For many reasons, the 1991 Indianapolis 500 was Mears’ most memorable. Mears, who set the record for five Indy 500 poles in 1989, extended his total to six in a backup car after crashing his primary car the previous day. The 39-year-old driver injured his right foot, but continued on after he was cleared for competition.
But the spotlight during the month of May in 1991 was on Foyt. At 56, the four-time 500 winner was expected to make a record 34th and final run. But suspension issues shortened Foyt’s day and he made his 35th – and last – attempt the following year. If Foyt’s fanfare wasn’t enough, there were four Andretti’s in the field to contend with – Mario, Michael, Jeff and John.

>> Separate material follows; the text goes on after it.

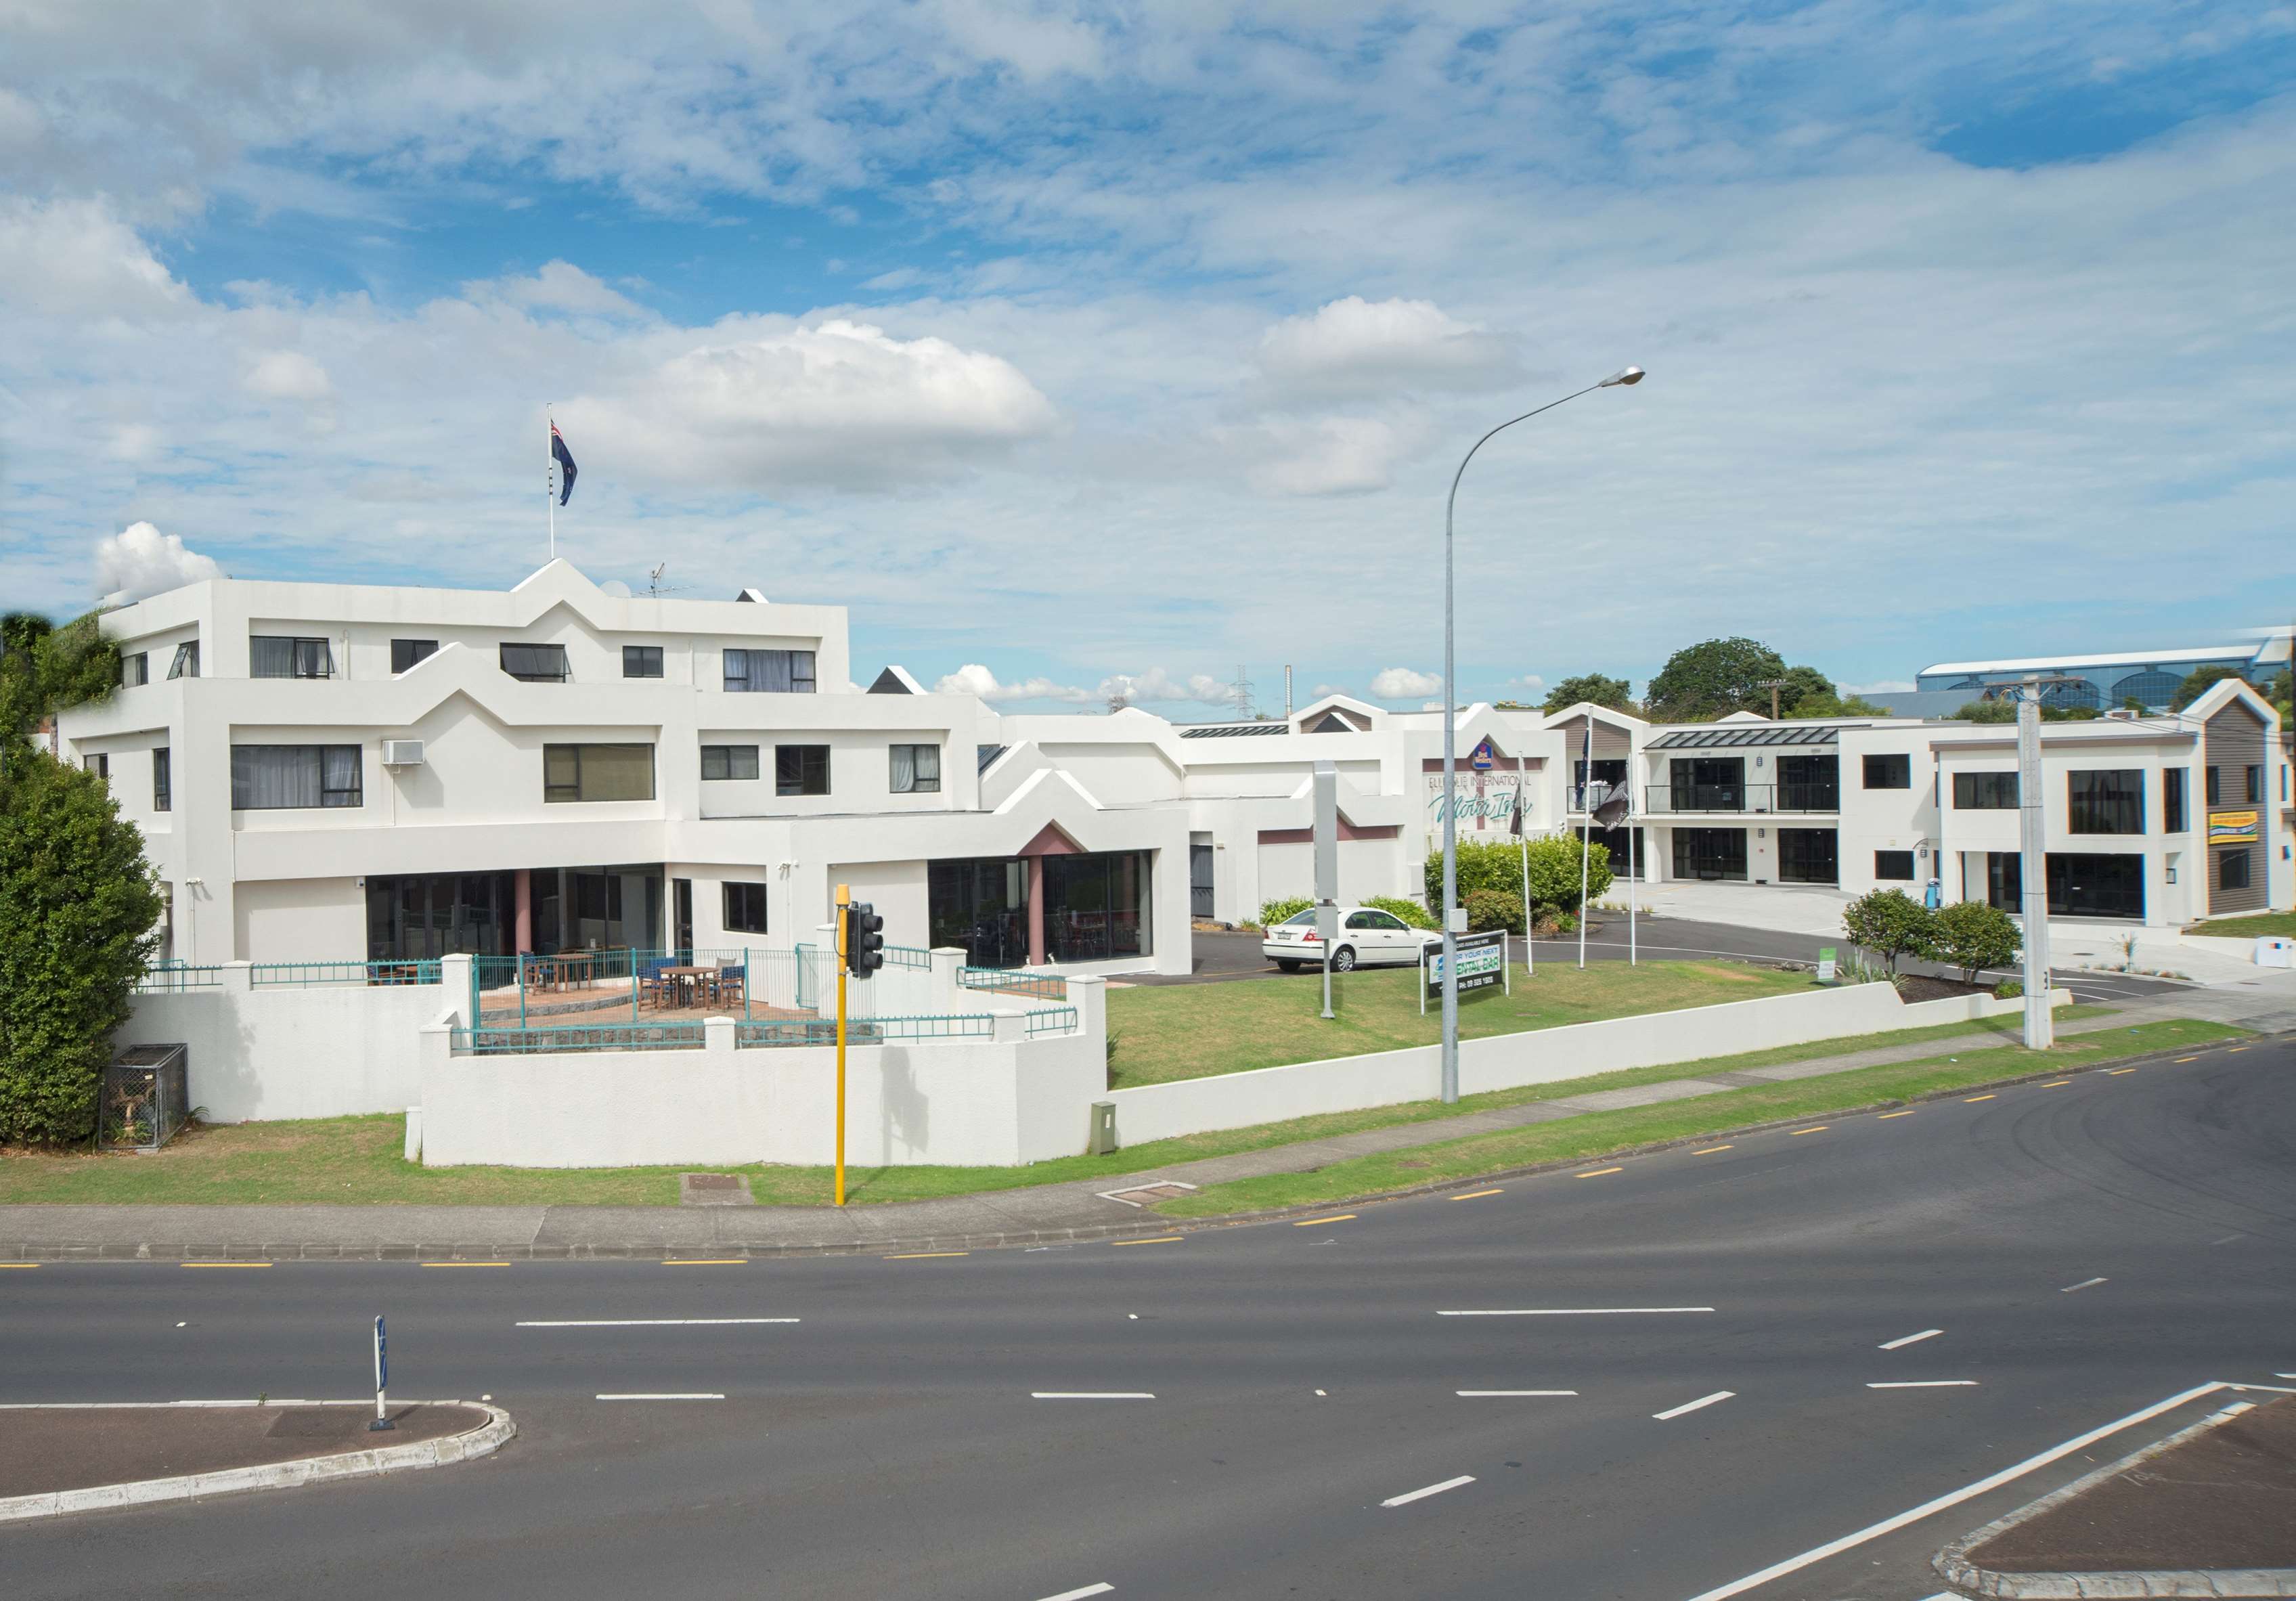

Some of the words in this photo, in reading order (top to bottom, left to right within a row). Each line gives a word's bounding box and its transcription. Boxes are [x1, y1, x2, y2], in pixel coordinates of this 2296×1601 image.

In Mears’ previous Indy 500 wins, attrition eliminated his competition. En route to Mears’ fourth victory, Michael Andretti led 71 of the first 108 circuits – and he wasn’t going away.
“I go into every race gearing up for the shootout at the end,” Mears said. “There’s the first half and the second half. The second half is to position yourself if you’re not already there, watch who’s strong and who you’ll have to do battle with at the end.
“I never got to have a shootout until the last one – and then we had the shootout and I came out on top. And that’s a gratifying way to win a race.”
After a century of racing at what’s evolved into America’s most iconic track, race fans are fortunate to have three living legends still walking the Yard of Bricks. Could a fourth emerge on May 29th? Stay tuned.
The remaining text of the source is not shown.